Así como las costumbres sobre las sucesiones variaban en cada valle, igualmente eran distintas las tenencias de tierras. Según la Relación del valle de Piura, en tiempo de Su gentilidad, la tierra pertenecía toda al curaca, que la poseía como suya propia, dándola a los indios en arrendamiento, y usufructuando ellos parte de las cosechas que producían (7). En el pueblo de Pácora en 1799, el cacique don Gaspar Casusoli, elevó al Procurador de Naturales una petición para hacer valer sus derechos y privilegios (8). Alego que a los caciques se les señalaban tierras para sus cultivos, según era costumbre desde épocas primitivas, y que los indios de su reducción debían trabajarlas, dándoles el curaca de comer y beber durante el tiempo que estuviesen ocupados en ellas, esto era sin contar con el servicio personal a que estaban obligados de prestar. En el caso del cacique de Pácora, le reconocieron veinticinco fanegadas de tierras adjuntas al título de curaca, fuera de las chacras que podía poseer. Variaba la cantidad asignada, así en la declaración del cacique de Caima en Arequipa, declaró en 1822, que por su cargo le pertenecía de derecho 12 tupus de tierras y dos chayañas (9). En la Relación hecha en Huánuco por Iñigo Ortiz de Zúñiga (10) hay mención del servicio al que estaban obligados los indios en las chacras y en la casa del curaca.

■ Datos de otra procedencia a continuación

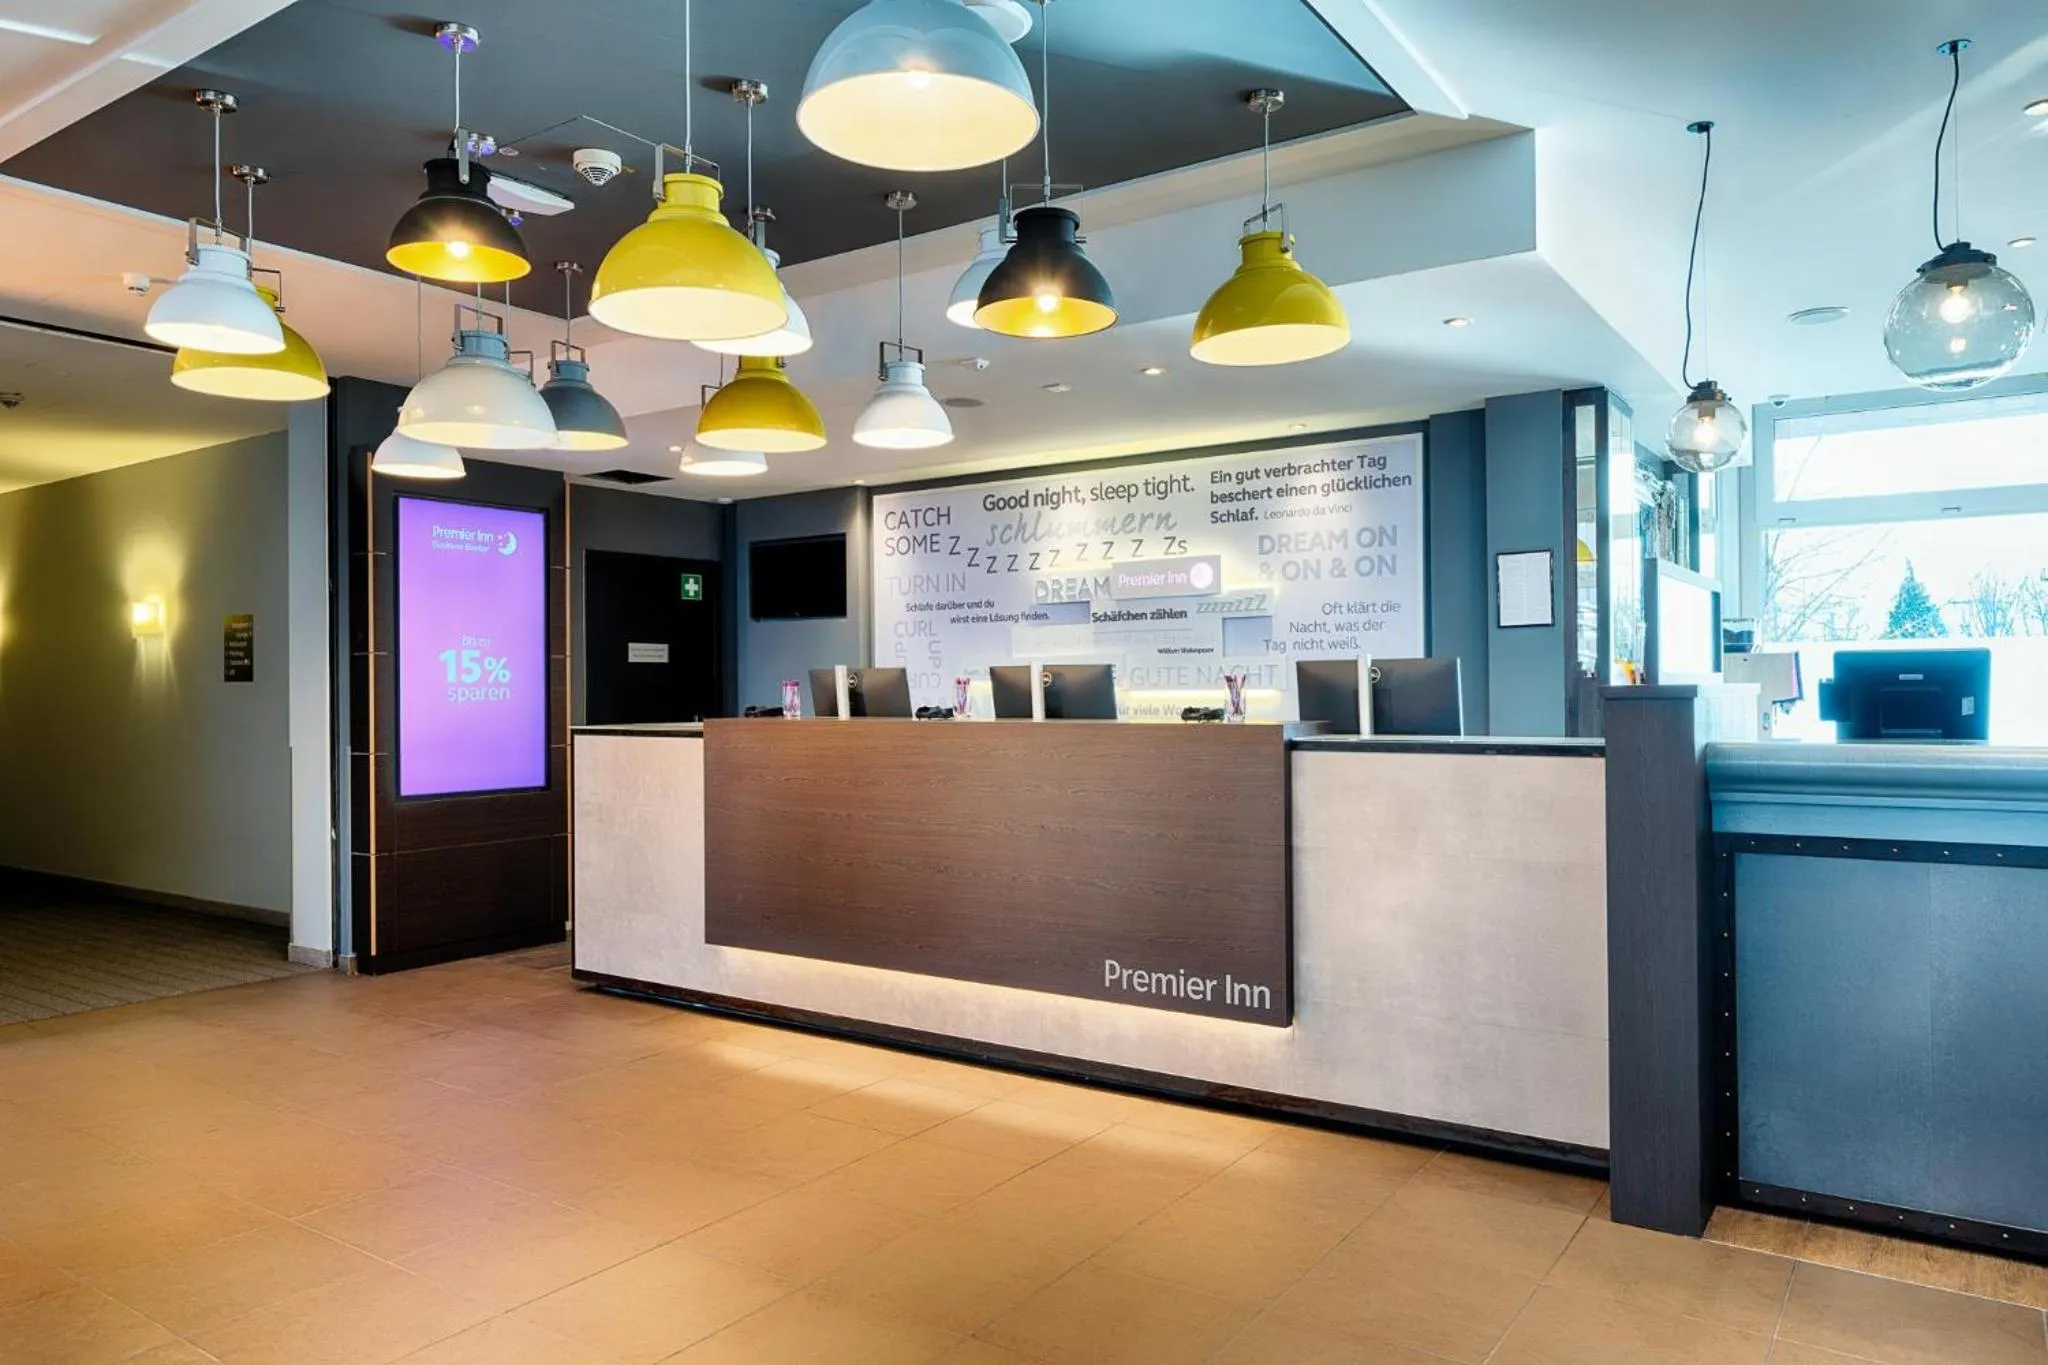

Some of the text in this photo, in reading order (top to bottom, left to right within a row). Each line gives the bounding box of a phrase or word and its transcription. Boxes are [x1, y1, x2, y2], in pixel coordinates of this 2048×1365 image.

En un manuscrito de 1768, don Apolinario Llontop, cacique propietario de Monsefú, elevó una petición afín de ser amparado en sus derechos y privilegios. Pedía que se cumpliese lo proveído en las Ordenanzas a los Caciques, sobre el servicio y beneficios. En un decreto del Superior Orden del 12 de Abril del mismo año, estaba dispuesto “que a los caziques, a más del salario, que se les señala en las Retazas, les siembren y beneficien los Indios subgetos, algunas Chácaras, bien sea en las tierras, que tubieren propias, o si caresieren de ellas, en las del Común, y que para la Guarda de Ganados servicio de su casa, y el de su muger siendo Casado, se le destine cierto número de los Reservados mayores de cinquenta años, de muchachos, e indias viejas libres de toda sospecha, con la obligación los referidos Caziques, de remunerar a los suso dichos el trabajo que impenden en sus respectivos ministerios, la qual se expresará después”. Incluye el expediente una Provisión original, librada el año 1679 por el Virrey Melchor de Liñán y Cisneros a favor del abuelo de Apolinario Llontop, igualmente cacique de Monsefú y en la que se disponía que “los Indios de la Comunidad del dicho Repartimiento de Monsefú, les havían de sembrar, beneficiar y cojer a sus Caziques, unas chácaras y sementeras de quatro fanegas de sembradura de maíz y dos de trigo, dándoles semillas, de comer y beber a los mencionados operarios el tiempo que se ocuparen, para la guarda de sus ganados ocho indios viejos, seis muchachos de 17 años para abajo, y últimamente, para el servicio de su casa, y el de su muger, seis indias viejas sin sospechas, a todos los quales a más de la comida y bebida, les hauían de contribuir los dichos caziques
un vestido de algodón a cada uno, con la condición de que se hubiesen de mudar de seis en seis meses, a menos que ellos de su voluntad, quisieren servir más tiempo”. La petición del cacique Llontop, motivó un decreto ordenando se efectuase una Revisita a dicha provincia por el corregidor don Juan Okelli, y el informe pasó a la Contaduría el 7 de Marzo de 1777. “En ella se cituaron a los Caziques de cada repartimiento los salarios que debían gozar con proporción a el número de indios empadronados, y a el trabajo que han de emprender en la Recaudación y cobranza de tributos” (12 de Febrero de 1778).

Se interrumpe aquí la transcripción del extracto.